■ **PROBLEM TO SOLVE**:
Each line below must be printed again exactly.

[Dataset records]

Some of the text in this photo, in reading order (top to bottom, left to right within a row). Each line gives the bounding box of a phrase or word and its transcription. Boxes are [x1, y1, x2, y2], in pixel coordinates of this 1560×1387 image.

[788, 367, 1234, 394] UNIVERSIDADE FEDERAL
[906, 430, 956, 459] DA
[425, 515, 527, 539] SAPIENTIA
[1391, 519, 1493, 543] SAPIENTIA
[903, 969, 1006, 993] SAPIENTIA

■ **REPLY TO THE EXERCISE**:
Some of the text in this photo, in reading order (top to bottom, left to right within a row). Each line gives the bounding box of a phrase or word and its transcription. Boxes are [x1, y1, x2, y2], in pixel coordinates of this 1560×1387 image.

[788, 367, 1234, 394] UNIVERSIDADE FEDERAL
[906, 430, 956, 459] DA
[425, 515, 527, 539] SAPIENTIA
[1391, 519, 1493, 543] SAPIENTIA
[903, 969, 1006, 993] SAPIENTIA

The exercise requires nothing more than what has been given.